Recommendation 8: As well as top-down leadership and coordination, there is also a need to build capability and skills within government. We recommend the establishment of a cross-government community of interest, bringing together the analytical and policy communities, to generate and develop potential ‘use cases’ and create a body of knowledge and expertise within the civil service. GDS and the Data Science Partnership between GDS, Office for National Statistics, Cabinet Office and the Government Office for Science could act as the convenors of this community of interest. There are important opportunities for government to stimulate the business sector by acting as a smart customer in procuring distributed ledger applications.
Some interesting ideas and concepts extracted:
- Ledgers are in commerce activities since ancient times. Computers offered a simply transfer from paper to bytes. Now algorithms, enable the collaborative creation of digital distributed ledger, with powerfull properties.
- Distributed ledgers may help governments to collect taxes, deliver benefits, issue paspports, record land registries, assure the supply chain of good, and generallty ensure the integrity of government records and services.
- Estonian government has been experimenting with distributed ledger technology know as Keyless Signature Infrastructure (KSI).
- Everledger, provides a distrivuted ledger that assures the identity of diamonds, from being mined and cut to being sold and insured.
- The governemnt office of science establish a senior group of experts from business, government and accademia to asset the oportunities for distributed ledgers to be used within government and the private sector and to determine what actions goverrment and others need to take to facilitate the benefitial use of distributed ledger technology and to avoid possible harms.

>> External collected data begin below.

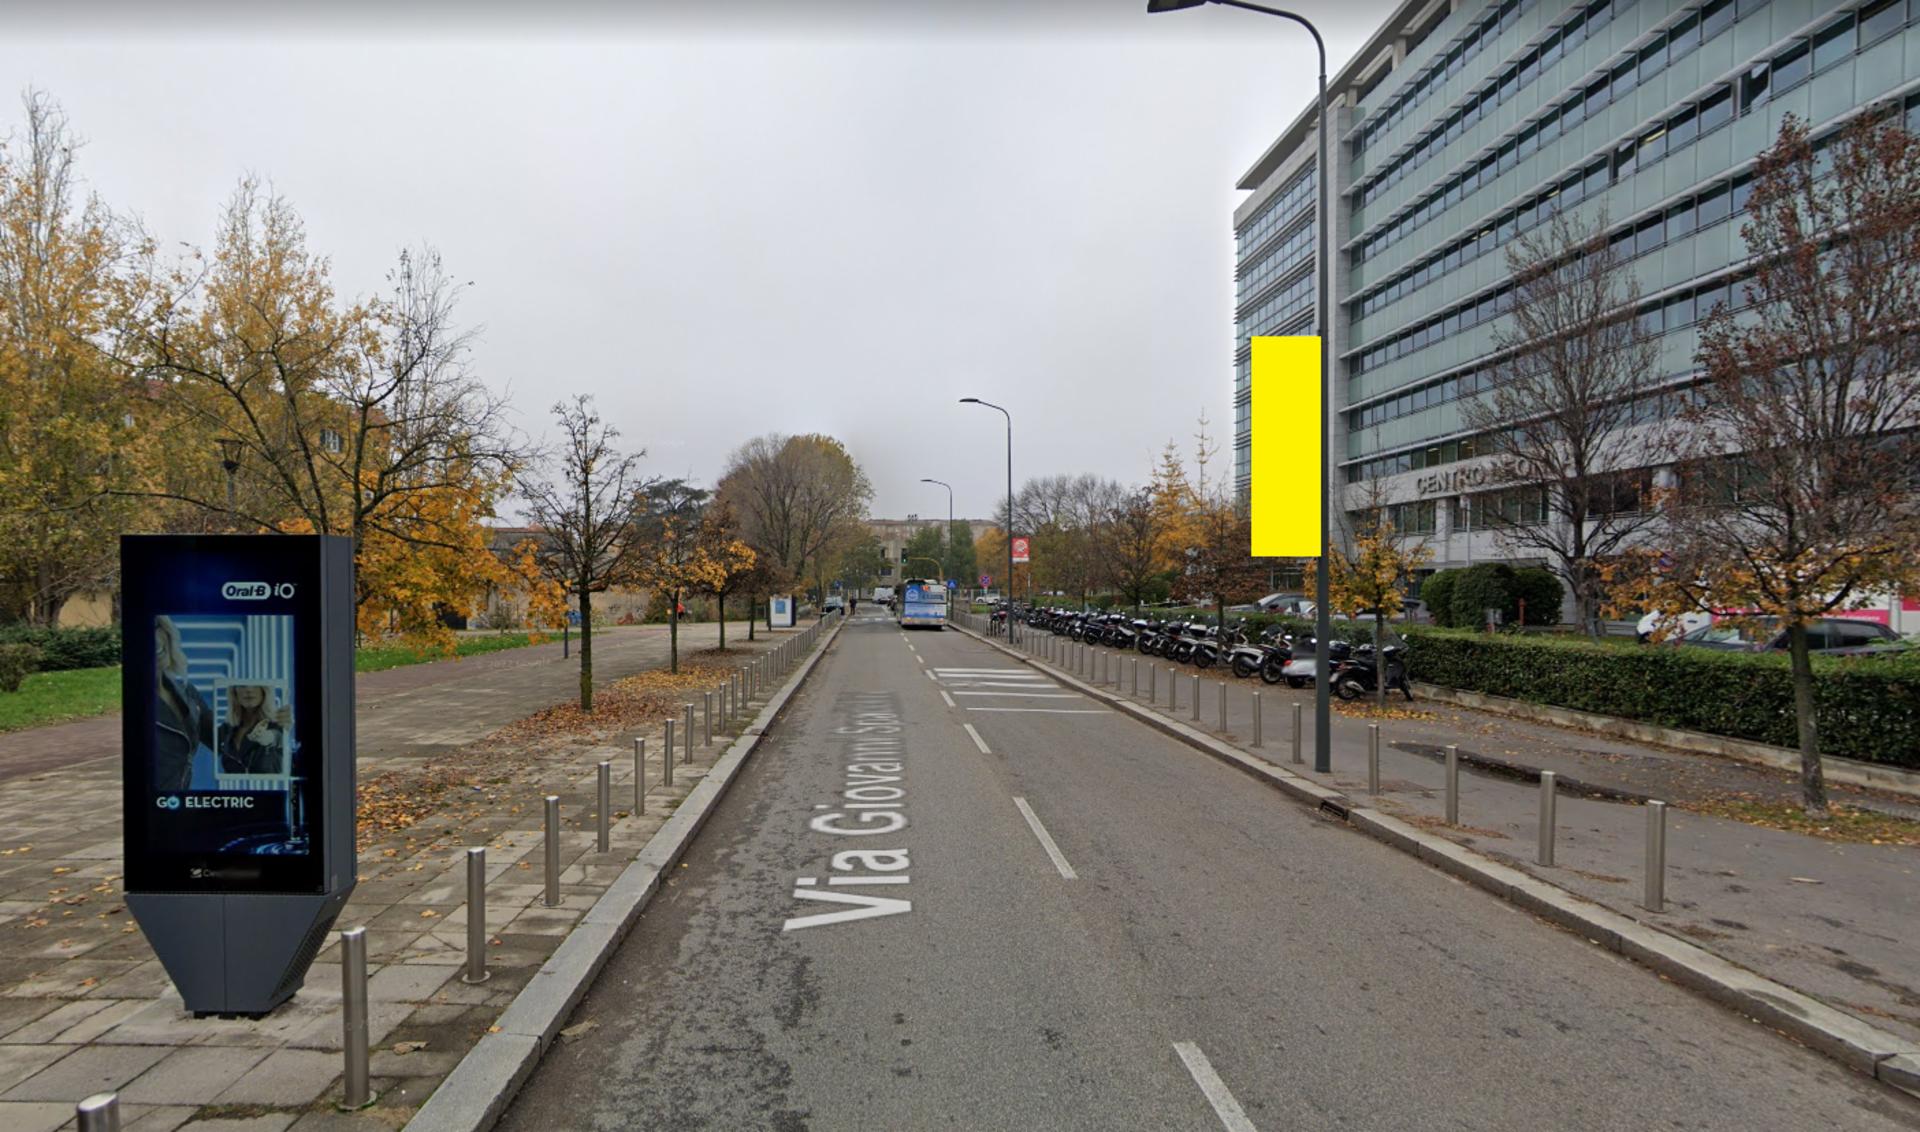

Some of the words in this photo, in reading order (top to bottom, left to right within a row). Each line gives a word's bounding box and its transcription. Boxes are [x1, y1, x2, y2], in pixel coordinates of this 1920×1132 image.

[1416, 464, 1486, 494] CENTRO
[225, 584, 267, 598] Oral-B
[156, 795, 180, 810] GO
[185, 796, 254, 809] ELECTRIC
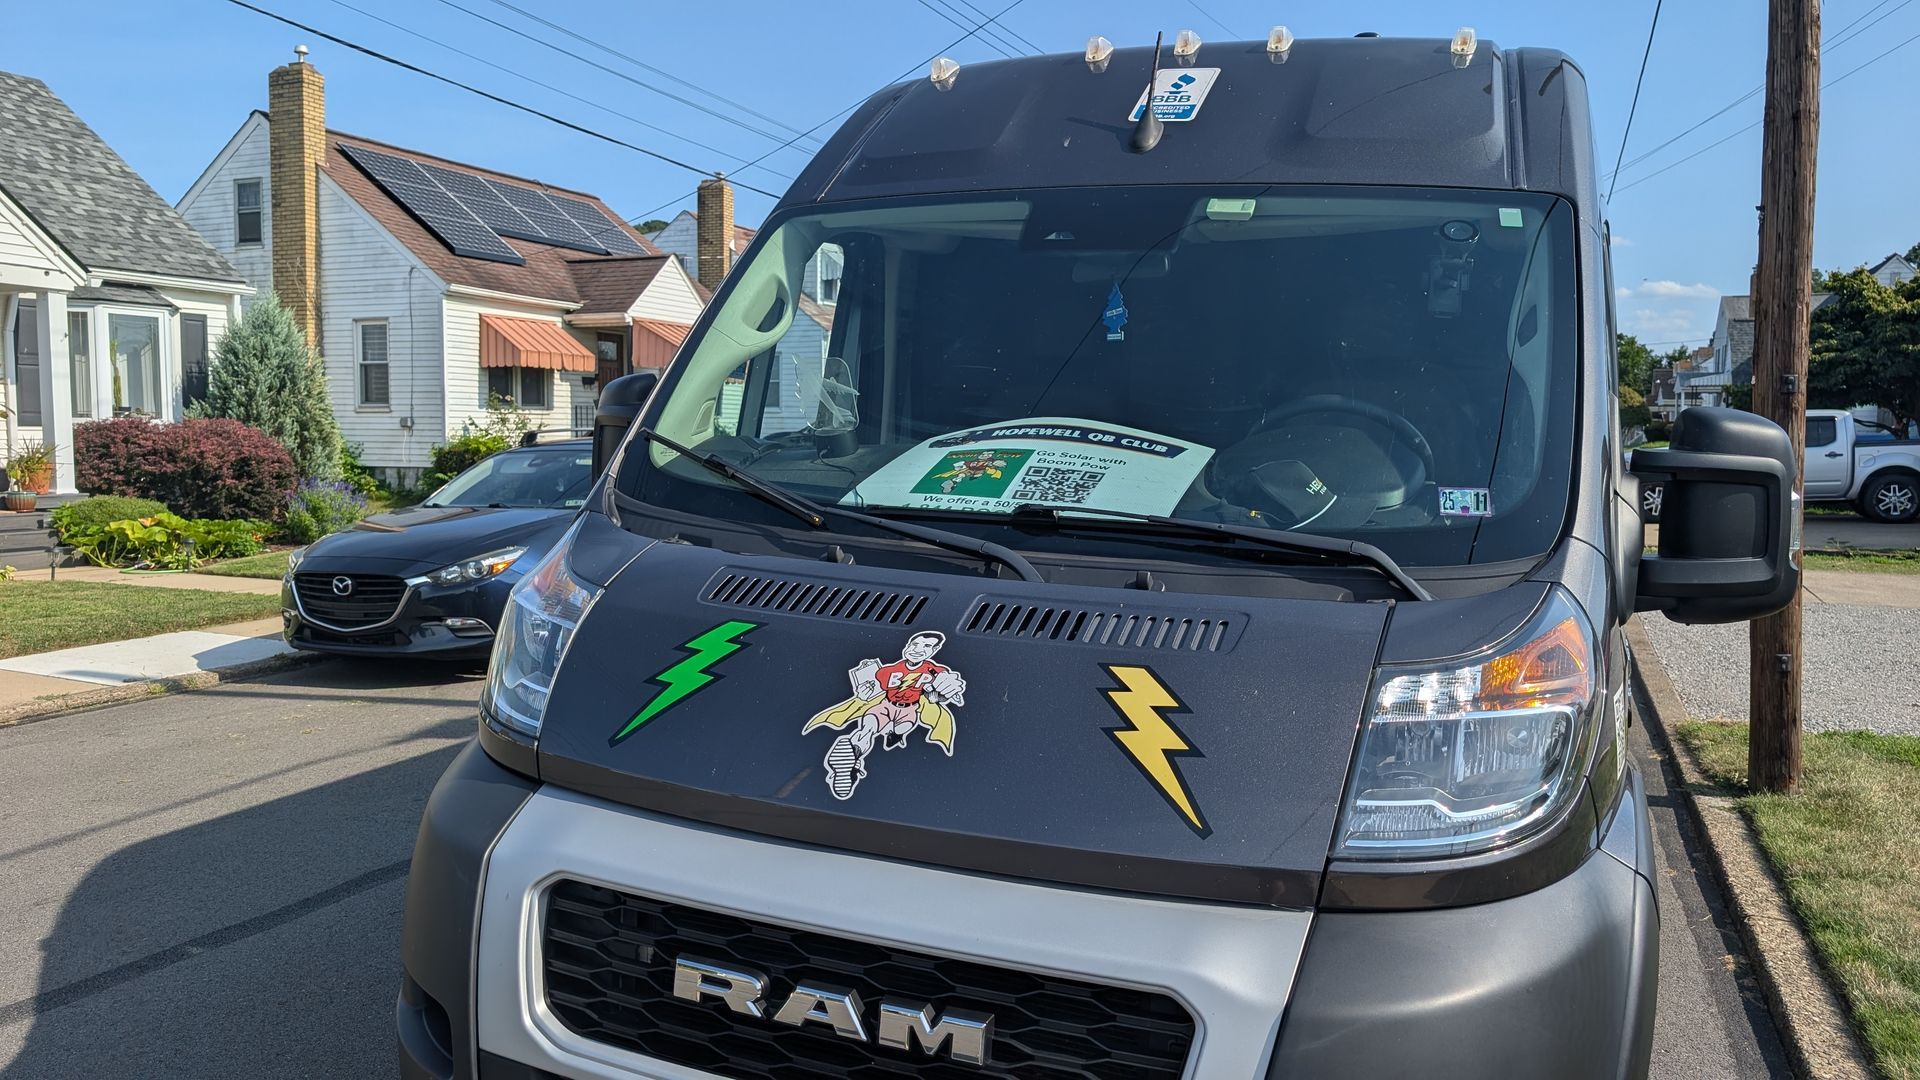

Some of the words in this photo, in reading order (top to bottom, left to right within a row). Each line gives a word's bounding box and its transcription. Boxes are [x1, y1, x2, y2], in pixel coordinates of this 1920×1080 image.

[1152, 95, 1191, 103] BBB
[992, 428, 1081, 438] HOPEWELL
[1087, 432, 1116, 443] QB
[1120, 438, 1168, 453] CLUB
[1036, 457, 1077, 467] Boom
[1080, 461, 1111, 470] Pow
[1059, 451, 1095, 461] Solar
[1098, 457, 1127, 466] with
[923, 495, 943, 503] We
[946, 497, 979, 506] offer
[993, 500, 1024, 509] 50/5
[1441, 491, 1455, 510] 25
[1473, 492, 1488, 512] 11
[673, 954, 993, 1066] RAM
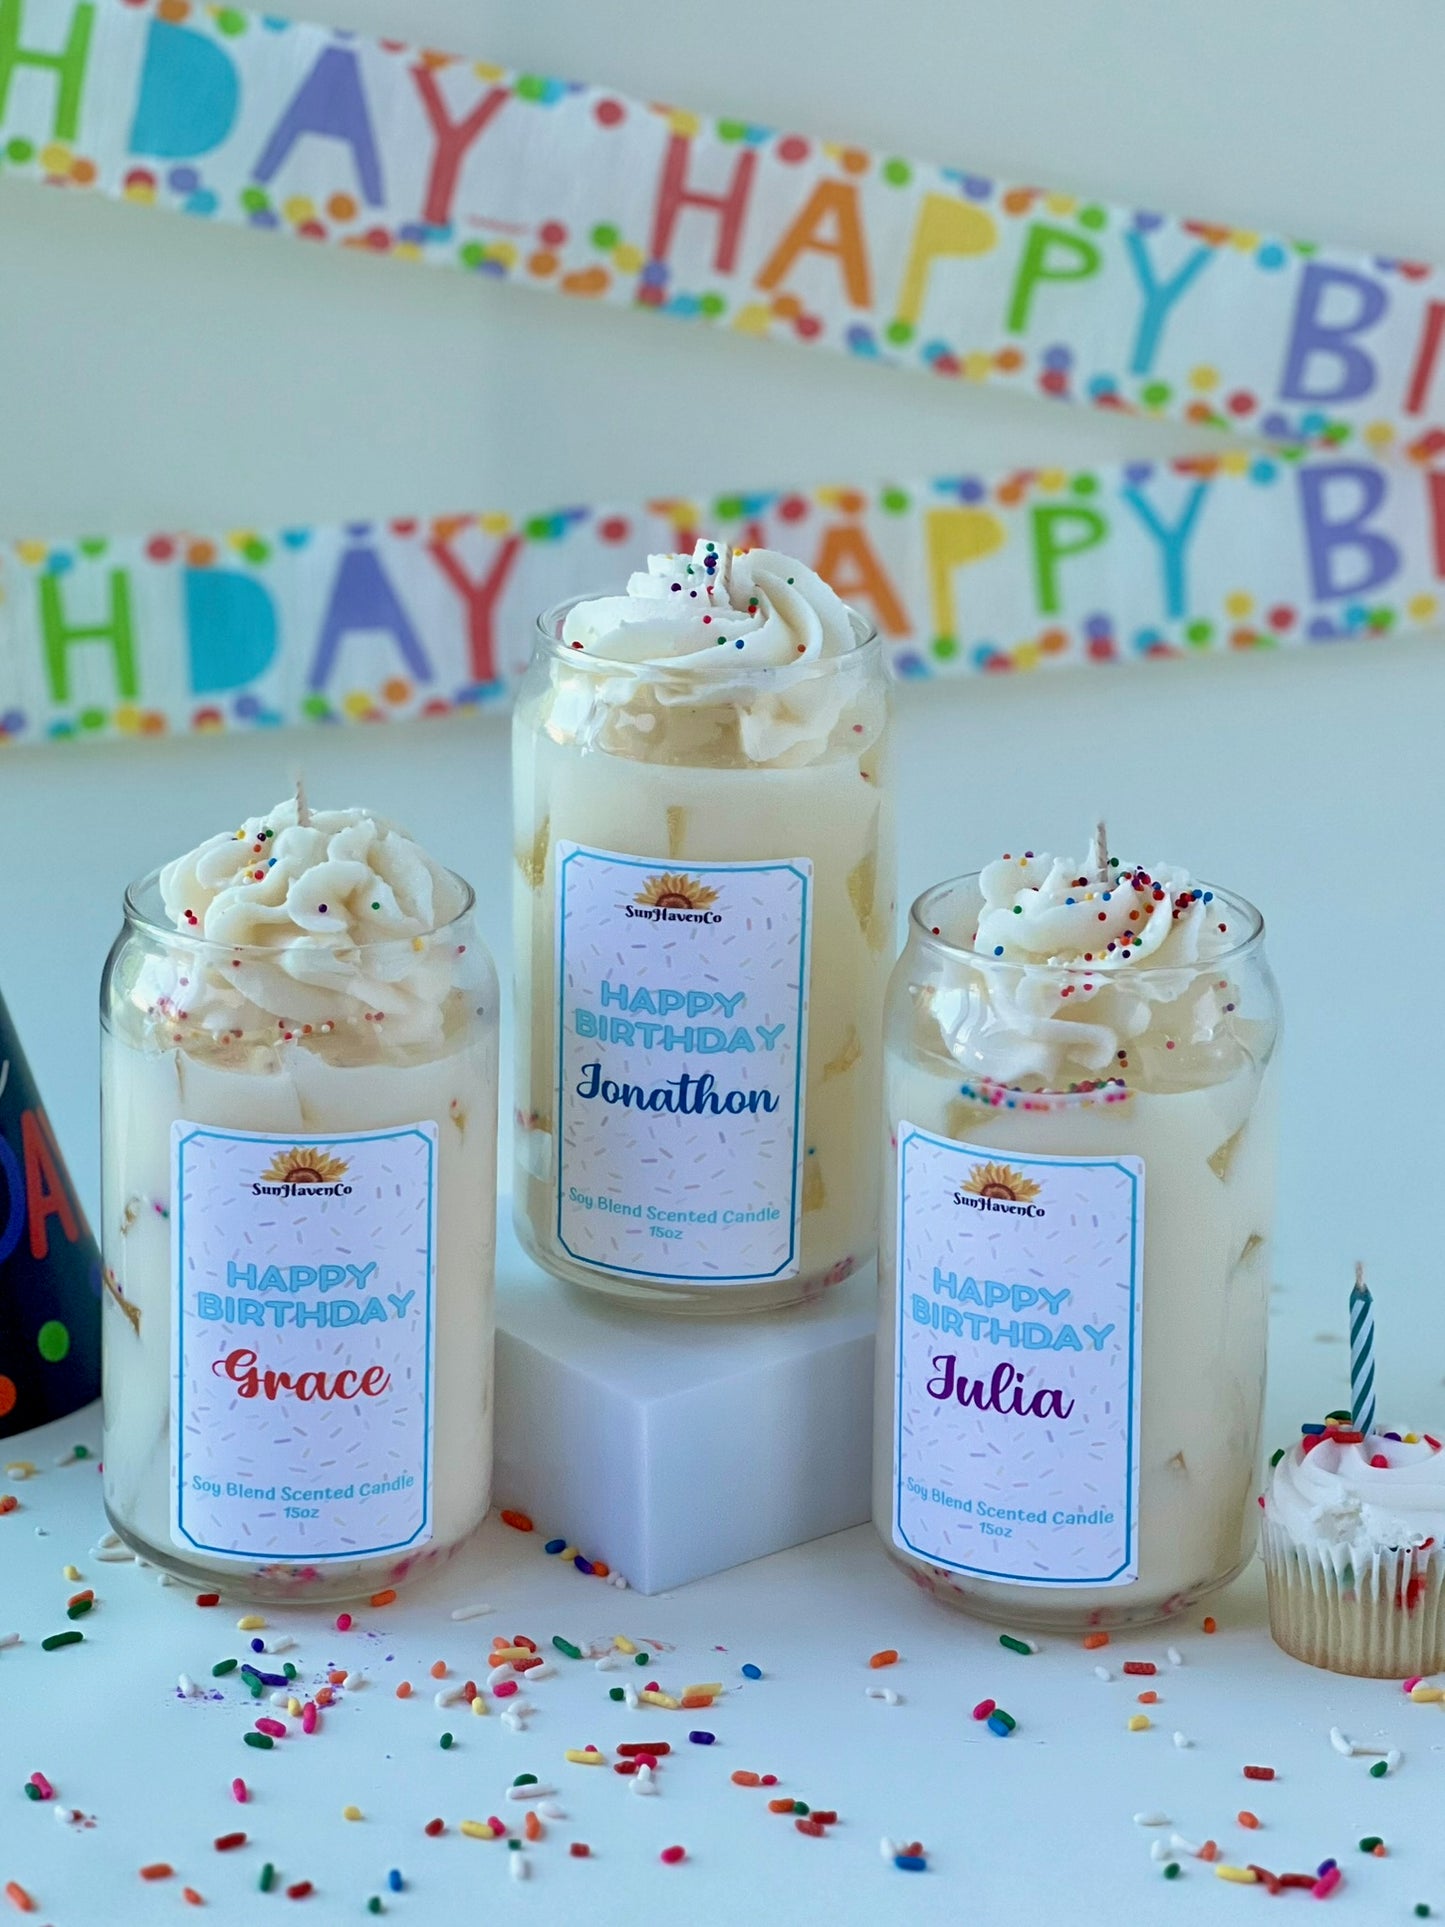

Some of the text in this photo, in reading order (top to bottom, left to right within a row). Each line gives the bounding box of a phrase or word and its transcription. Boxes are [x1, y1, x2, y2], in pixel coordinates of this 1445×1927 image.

[651, 130, 1217, 376] HAPPY
[675, 478, 1209, 638] APPY
[625, 904, 723, 925] SunHavenCo
[600, 980, 746, 1019] HAPPY
[574, 1007, 786, 1054] BIRTHDAY
[575, 1062, 780, 1115] Jonathon
[252, 1182, 353, 1199] SunHavenCo
[568, 1186, 781, 1224] Soy Blend Scented Candle
[953, 1191, 1046, 1219] SunHavenCo
[648, 1225, 684, 1240] 15oz
[227, 1261, 378, 1293] HAPPY
[932, 1266, 1072, 1315] HAPPY
[197, 1289, 416, 1329] BIRTHDAY
[911, 1293, 1115, 1352] BIRTHDAY
[212, 1348, 391, 1401] Grace
[926, 1354, 1075, 1420] Julia
[192, 1471, 415, 1501] Soy Blend Scented Candle
[906, 1476, 1115, 1526] Soy Blend Scented Candle
[283, 1506, 320, 1519] 15oz
[979, 1521, 1013, 1539] 15oz

- Distributed ledger technology provides the framework for government to reduce fraud, corruption, error and the cost of paper-intensive propcesses.
- Has the potential to redifine the relationship between goverment and the citizen in terms of data sharing, transparency and trust. It has similar posibilities for the private sector.
- Benefits: Distributed extremely widely, higlhy efficeint, equally robust, smart contracts.
- Challenges: Privacy, security, performance and scalability.
- Offer government service more personal, inmediate and efficient.
- It should lead to improvements in compliance, cost efficeincy and accountability.
- We need to understand the ethical and social implications of different potential uses and the financial costs and benefits of adoptions.
- The cryptographic codes of the digital world are extremely hard to break, but they can be vulnerable to being bypassed. Bypass mechanism rnage from the human who might give away the key accidentaly or deliberately, to the presence of black doors, due to deficciency in the software code.
- Privacy and confidentially are key issues. The ledger may hold personal confidential records that could range from financial to familiar and helath.
- In cyberspace trust is based on authenitcation and authorization.
- Five uses cases: 1) Protecting critical infraestructure against cyber attacks. 2) Reducing operational costs and tracking eligibality for wellfare supprt, while offering grater financial inclusion. 3) Transparency and traceability of how aid money is spent. 4) Creating opportunities for economical growth, bolstering SMEs and increasing employment. 5) Reducing tax fraud.
- Benefits to governments and financial services: 1) Reconciliation through cryptography. 2) Replicated to many institutions, 3) Granular access control, 4) Granular transparency and privacy.
- Smart contract: Application layer that makes much of the promise of block chain technology a reality. Are being consider for a wide variety of users, particulary for regulators compliance, product traceability, and service managemnets, and also to defeat counterfeit products and fraud in the following sectors: Food, financial services, energy, pharmaceuticals, helath, aerospace, aviation, telecomunications. IT and communications, transport, utilities, agriculture, oil and gas.